DEFINISI
Hipokondriasis merupakan salah satu dari enam gangguan somatoform yang
diketegorikan dalam DSM-V. Hipokondriasis dibedakan dari kelainan delusi somatik lainnya
oleh karena gangguan ini dihubungkan dengan pengalaman gejala fisik yang dirasakan oleh
penderitanya, dimana gangguan somatoform lainnya tidak menunjukkan gejala fisik di dalam
dirinya. Gejala yang timbul bisa saja merupakan pernyataan gejala fisik yang dilebihlebihkan, yang justru akan memperberat gejala fisik yang disebabkan oleh keyakinan bahwa
pasien tersebut sedang sakit dan keadaannya lebih buruk dari keadaan yang sebenarnya. [1,2]
Hipokondriasis dan gangguan somatoform yang lain merupakan gangguan psikiatri
paling sulit dan kompleks untuk diterapi secara medis. Gangguan somatoform sendiri adalah
suatu kelompok gangguan yang memiliki gejala fisik dimana tidak ditemukan penjelasan
medis yang adekuat.
[2]
bahwa penderita mengalami penyakit serius dan preokupasi morbid terhadap tubuh atau
keadaan sehat, yang tidak sebanding dengan penyakit medis sebenarnya, serta yang muncul
hampir setiap saat. [1]
Istilah hipokondriasis juga digunakan untuk menunjukkan tidak hanya gangguan
independen primer, tetapi juga kepribadian atau gejala pada sejumlah gangguan psikiatrik
misalnya depresi. Gejala-gejala hipokondriasi sebenarnya paling sering terlihat sebagai
gambaran gangguan depresif. Istilah hipokondriasis berasal dari kepercayaan kuno bahwa
keadaan tersebut disebabkan oleh gangguan fisik nyata pada organ-organ di bawah (hipo-)

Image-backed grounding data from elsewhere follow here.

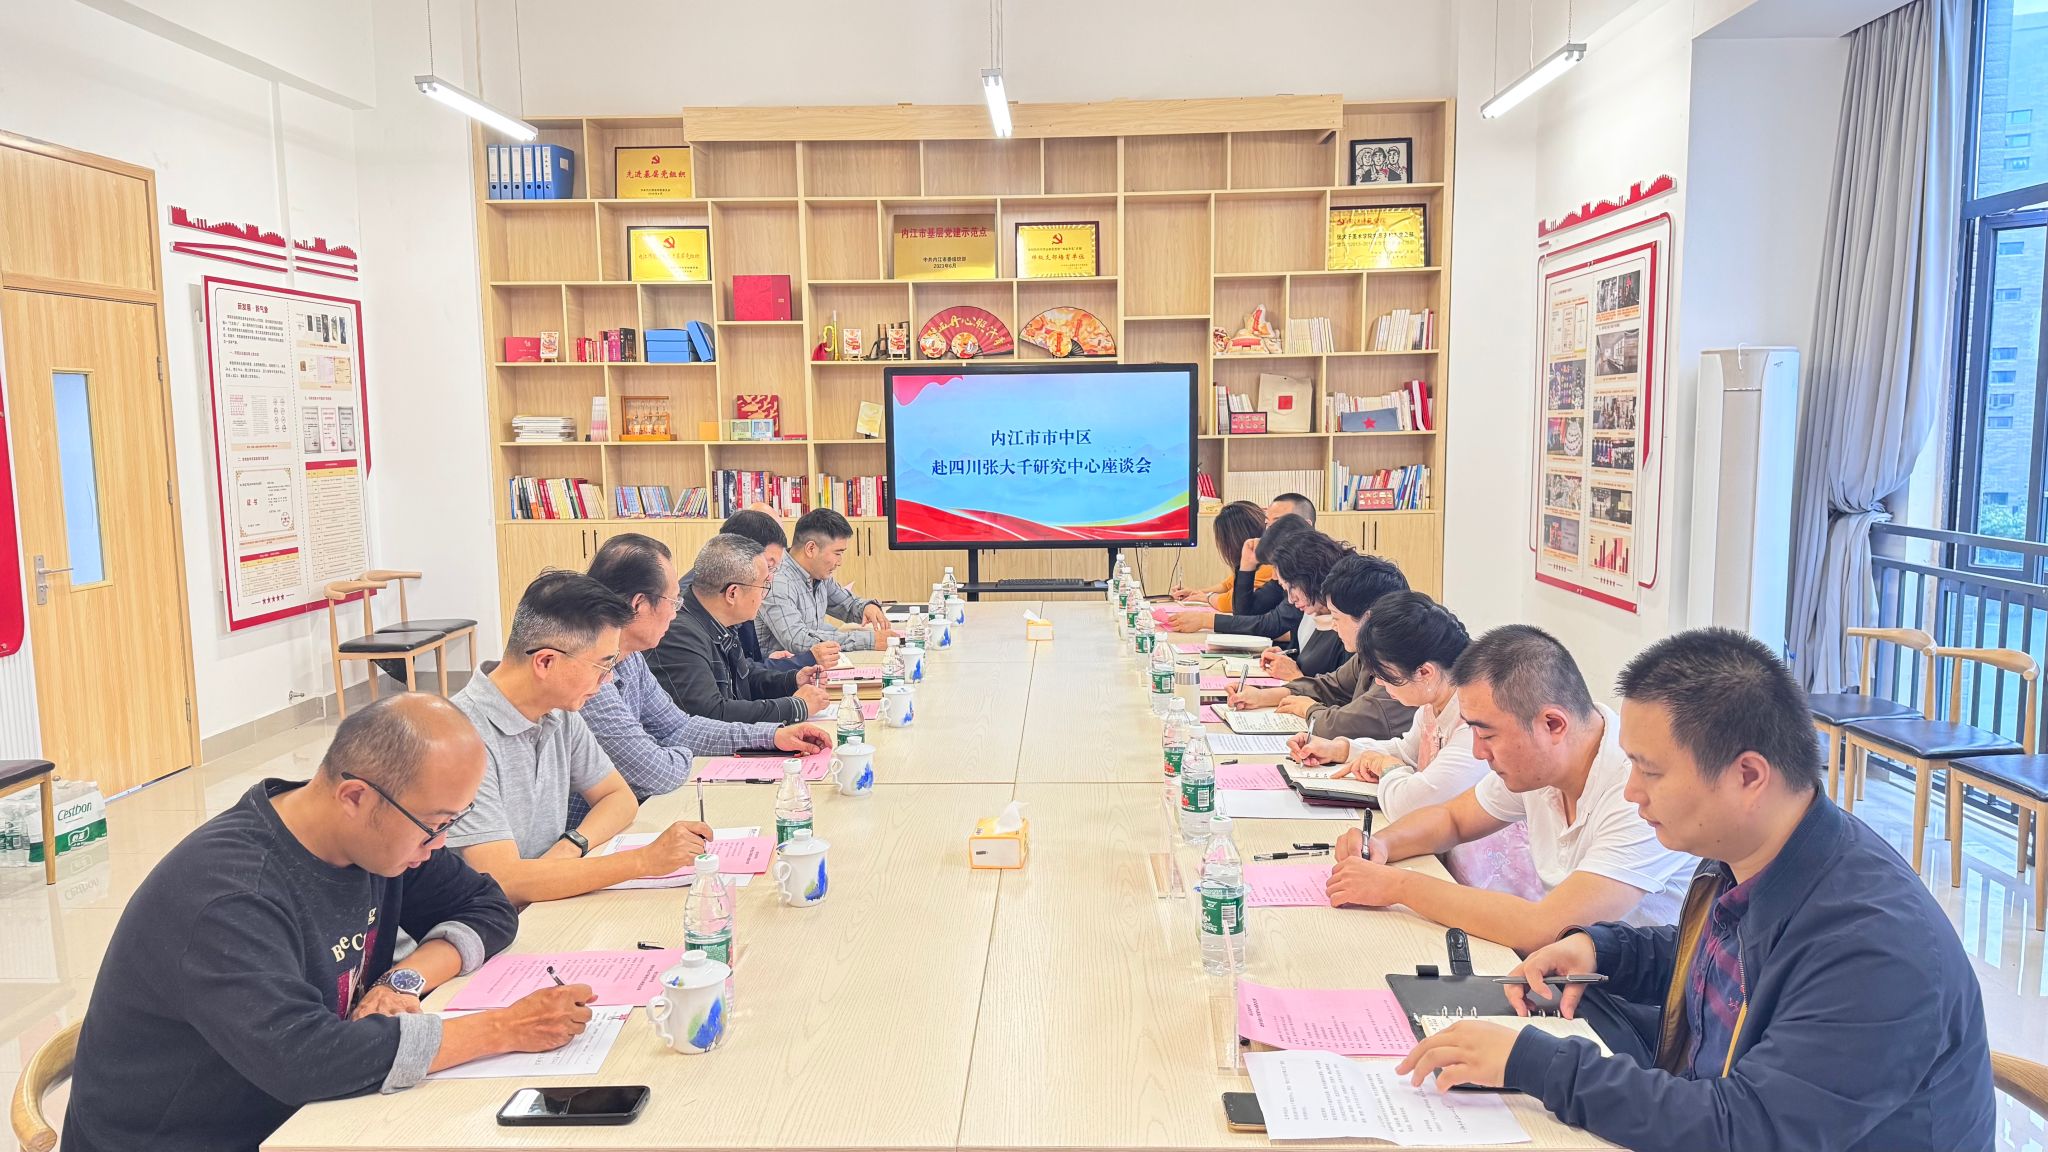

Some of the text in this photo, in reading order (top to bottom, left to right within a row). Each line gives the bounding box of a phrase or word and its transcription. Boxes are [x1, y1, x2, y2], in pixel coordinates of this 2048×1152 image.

[626, 169, 686, 179] 先进基层党组织
[901, 227, 987, 239] 内江市基层党建示范点
[991, 429, 1092, 446] 内江市市中区
[931, 457, 1151, 476] 赴四川张大千研究中心座谈会
[57, 802, 92, 821] Cestbon
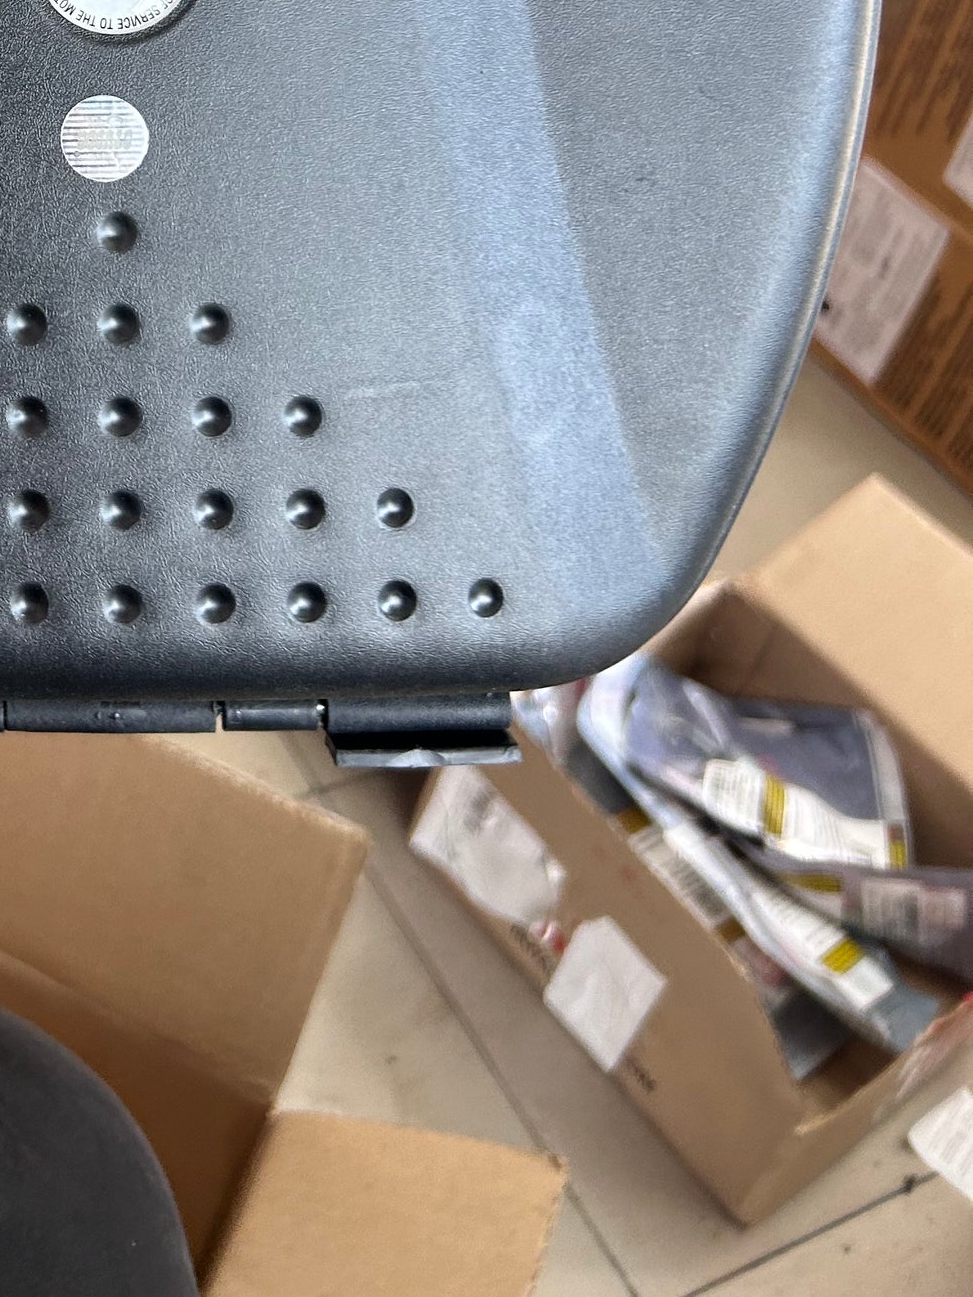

margo costalis (kondrika). [3]
Seperti kelainan psikiatri lain, gangguan somatoform, terutama hipokondriasis
membutuhkan perencanaan terapi yang kreatif, kaya dan bersifat biopsikososial oleh klinisi
yang meliputi dokter umum, sub-spesialis dan ahli psikiatri professional. Strategi
penatalaksanaan pada hipokondriasis meliputi pencatatan gejala, tinjauan psikososial dan
psikoterapi. [2]
II.
EPIDEMIOLOGI
Suatu penelitian yang terbaru menyatakan bahwa prevalensi hipokondriasis dalam
enam bulan mencapai 4 sampai 6 persen dari keseluruhan populasi medis umum, namun
demikian angka presentase ini dapat mencapai 15 persen. Laki-laki dan wanita mempunyai
perbandingan yang sama untuk menderita hipokondriasis. Walaupun onset penyakit dapat
terjadi pada keseluruhan tingkatan umur, hipokondriasis paling sering terjadi pada umur 20
sampai 30 tahun. [2,3]
Gangguan hipokondrial primer lebih sering terjadi pada orang-orang golongan sosial
lebih rendah, orang muda, lansia dan bangsa Yahudi. Hipokondriasis juga didapatkan pada 3
persen mahasiswa kedokteran terutama pada dua tahun pertamanya, namun keadaan ini
hanyalah hipokondriasis yang bersifat sementara. Beberapa bukti menyatakan bahwa
diagnosis adalah lebih sering diantara kelompok kulit hitam dibandingkan kulit putih. Status
perkahwinan tampaknya tidak mempengaruhi diagnosis. [1,2]
III.
MANIFESTASI KLINIK
Pasien dengan gangguan hipokondriasis secara khas datang dengan ketakutan dan
perhatian terhadap penyakitnya, dibandingkan dengan gejala yang dirasakan. Pasien dengan
hipokondriasis percaya bahwa mereka sedang menderita suatu penyakit yang serius yang
belum pernah dideteksi dan tidak dapat menerima penjelasan akan gangguan yang
dideritainya. Mereka terus menyimpan keyakinan bahwa mereka memiliki penyakit yang
serius. Hipokondriasis biasanya disertai dengan gejala depresi dan anxietas dan biasanya
bersamaan dengan gangguan depresi dan anxietas. [4,5]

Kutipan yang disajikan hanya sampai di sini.